(Exercise materials)
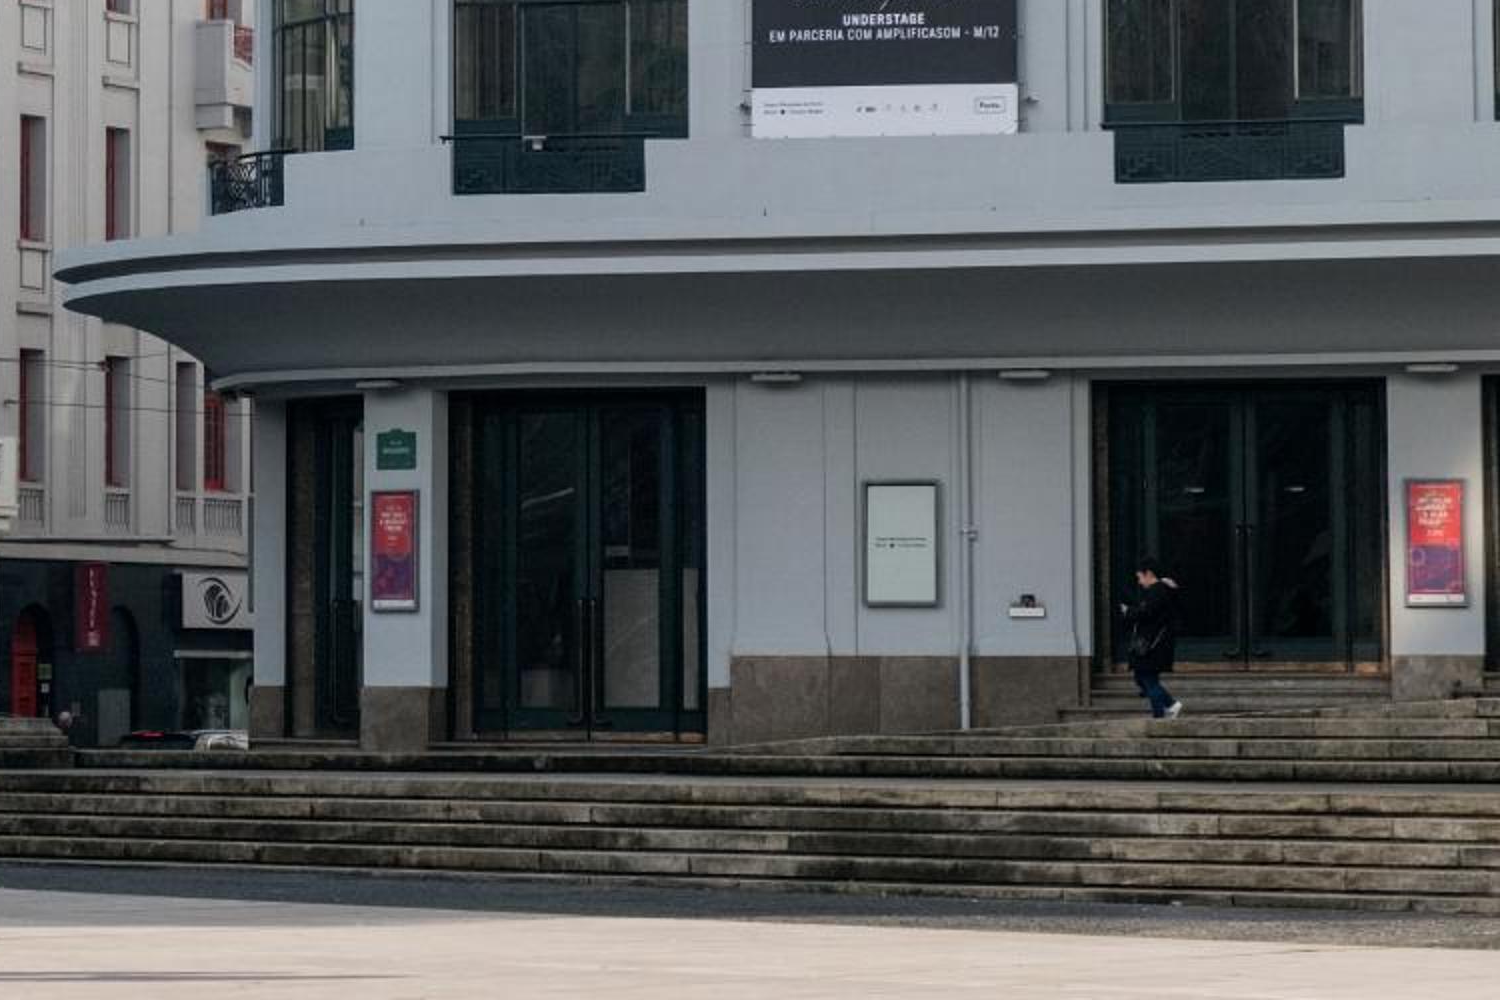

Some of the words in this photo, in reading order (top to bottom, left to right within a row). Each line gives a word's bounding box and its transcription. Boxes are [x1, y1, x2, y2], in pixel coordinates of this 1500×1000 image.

[843, 13, 926, 26] UNDERSTAGE
[770, 31, 785, 42] EM
[789, 29, 844, 42] PARCERIA
[848, 28, 873, 40] COM
[876, 26, 961, 40] AMPLIFICASOM
[973, 25, 999, 39] M/12
(End Exercise materials)
Copy the records exactly. Skip any pictures.

Some of the words in this photo, in reading order (top to bottom, left to right within a row). Each line gives a word's bounding box and its transcription. Boxes are [x1, y1, x2, y2], in pixel coordinates of this 1500×1000 image.

[843, 13, 926, 26] UNDERSTAGE
[770, 31, 785, 42] EM
[789, 29, 844, 42] PARCERIA
[848, 28, 873, 40] COM
[876, 26, 961, 40] AMPLIFICASOM
[973, 25, 999, 39] M/12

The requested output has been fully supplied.